Sledzec continued to claim that he couldn’t remember anything about what happened that night after he passed out.
He also insisted he was innocent.
But since he was already on record as admitting that he had no idea what he did or didn’t do during his blackout, no one believed for a second that he wasn’t the person who killed Santiago.
He was charged with vehicular manslaughter, and the prosecutor threw the book at him—hitting him with the most severe count, which could send him to jail twenty-five years to life. The prosecutor also delivered a blistering attack in court, saying he wished he could have sought even more time and he hoped Sledzec never tasted freedom again. Sledzec was remanded without bail to Rikers Island until his trial, where a speedy conviction seemed a foregone
conclusion at that point.
I met with George Sledzec in the visitors’ room at Rikers the next day.
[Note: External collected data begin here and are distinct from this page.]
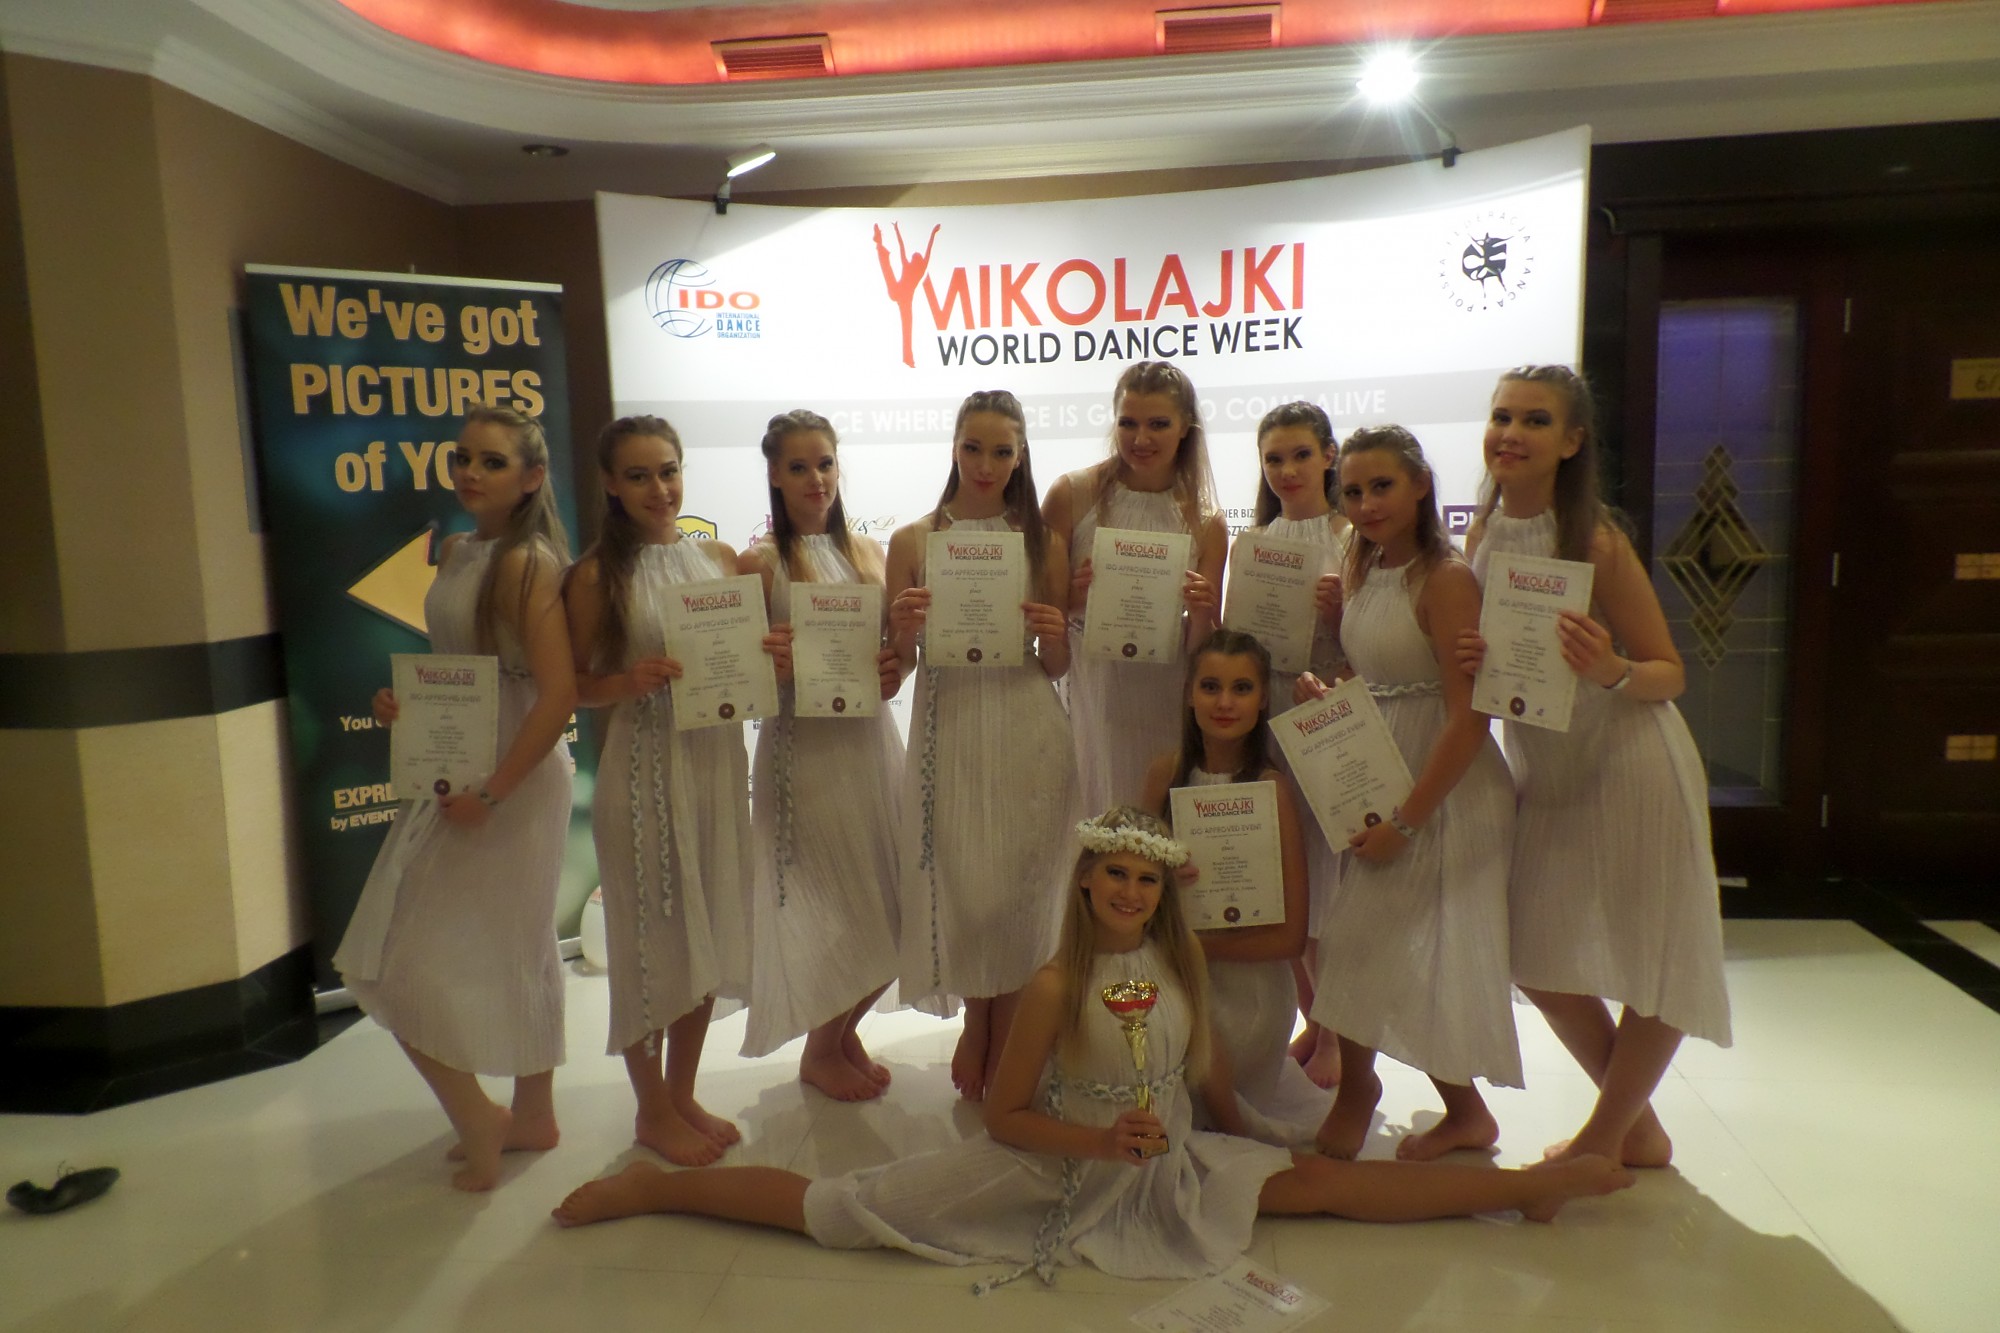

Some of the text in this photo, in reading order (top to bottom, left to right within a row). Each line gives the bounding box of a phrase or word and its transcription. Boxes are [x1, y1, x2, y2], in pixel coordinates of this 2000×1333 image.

[922, 242, 1305, 331] MIKOLAJKI
[678, 289, 760, 310] IDO
[279, 283, 541, 355] We've got
[717, 319, 760, 331] DANCE
[937, 316, 1304, 366] WORLD DANCE WEEK
[290, 363, 545, 418] PICTURES
[871, 408, 953, 433] WHERE
[1059, 404, 1078, 427] IS
[335, 441, 457, 492] of YO
[954, 546, 1003, 556] MIKOLAJKI
[1119, 543, 1168, 556] MIKOLAJKI
[690, 593, 741, 608] MIKOLAJKI
[339, 715, 373, 731] You
[1303, 700, 1352, 731] MIKOLAJKI
[1200, 800, 1254, 813] MIKOLAJKI
[330, 816, 348, 832] by
He was a balding, overweight man who looked particularly slovenly and dumpy in his prison uniform. I’ve interviewed a lot of prisoners. Some of them are threatening and potentially violent. Some are belligerent and angry. Some are scared. Almost all proclaim their innocence. But Sledzec was different. He just seemed . . . well, bewildered by where he was and what had happened to him.
“I still don’t understand,” he told me. “I know I’ve got a drinking problem. I know I forget things when I drink. But I just can’t believe I would do something like this—something so horrible—and not remember any of it. Even me. I think about that night all the time in here, go back and try to reconstruct the events all over again. But I don’t remember anything until I was arrested.”
“Tell me what you do remember.”
“I spent that day looking for work. I’d been unemployed for six months. The accident with the boy on the bike, and the subsequent court action and all, cost me my last job. And, as you can probably imagine, it didn’t make looking for a new job very easy. Not when prospective employers found out I had a police record. I was depressed. I didn’t want to go home and tell my wife and my family I’d failed again. So I did what I always do when I want to feel better. I drank.”
“At the bar where they found you?”
“Yes.”
“What time did you get there?”
“About five or so.”
“What’s the last thing you remember?”
“Asking for another drink,” he said sadly. “That’s usually the last thing I remember before a blackout.”
“What time was that?”
He shrugged. “After nine maybe. Or maybe closer to ten. I’m not sure.”
“And had you gone to this bar before?”
“Yes, it’s been a favorite place for a while.”
“The people there knew you?”
“The bartender did.”
“Why didn’t he stop serving you when he saw how drunk you were?”
“They never do. As long as I can pay. That’s why it was my favorite bar. They never told me I’d had too much to drink.”